After 1947, economic indicators rose across the board. The unemployment rate hovered at a paltry four percent. The middle class expanded, and with gusto--by the mid-fifties, almost two-thirds of American families were able to count themselves middle class. Salaries climbed. Americans cashed in their war savings bonds and bought the things they couldn't under wartime rationing strictures. An invigorated advertising sector helped turn the American economic landscape into one dominated by consumerism instead of investment. Among the products Americans bought was fiction, newly packaged to take part in the postwar mass marketplace. The hardcover book and the magazine were hardly extinct--but they were compelled to make room for the paperback.

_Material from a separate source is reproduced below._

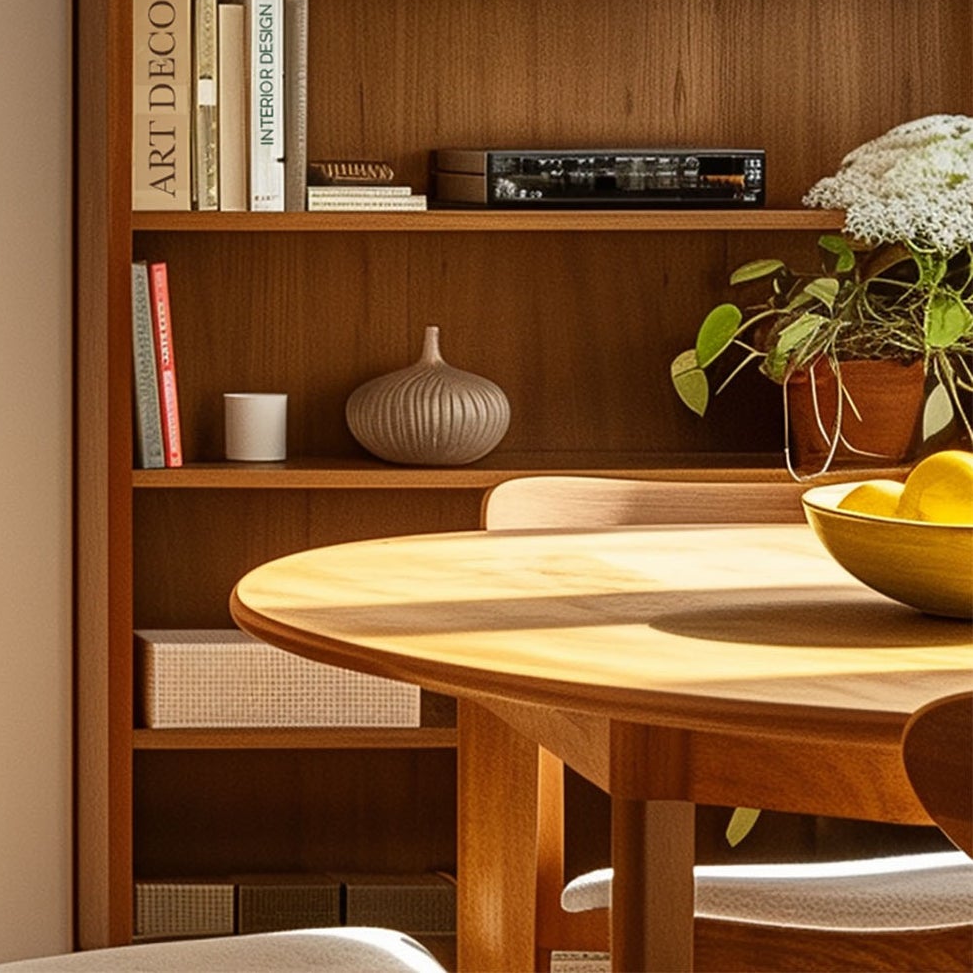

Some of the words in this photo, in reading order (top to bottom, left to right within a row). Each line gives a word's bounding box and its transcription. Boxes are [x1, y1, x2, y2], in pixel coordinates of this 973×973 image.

World War II was serendipitous for the fledgling paperback publishing industry. Wartime conditions on the home front discouraged other costlier kinds of entertainment, especially films. More important still was the Council on Books in Wartime (whose motto was "books are weapons in the war of ideas), which created a line of paperback books called the Armed Services Editions. The ASEs, distributed free to servicemen from 1943 to 1946, were cheaply printed and bound. They fit neatly into a serviceman's cargo pocket, a feat impossible for most hard-bound books. The armed services' appetite for these books was voracious: around 123 million copies of more than 1,300 titles were printed, distributed and read in the three short years of the operation of the Council on Books in Wartime. And in fact, each book almost always served more than just one man. Servicemen often ripped the books in half, so that two people could read at the same time, then swap at the halfway mark. The startling success of the ASEs primed American publishing houses for the postwar years by demonstrating that a vast untapped market existed for cheap paperbacks. Perhaps just as important, the ASEs socialized servicemen (and Americans generally) to the idea and form of the paperback book.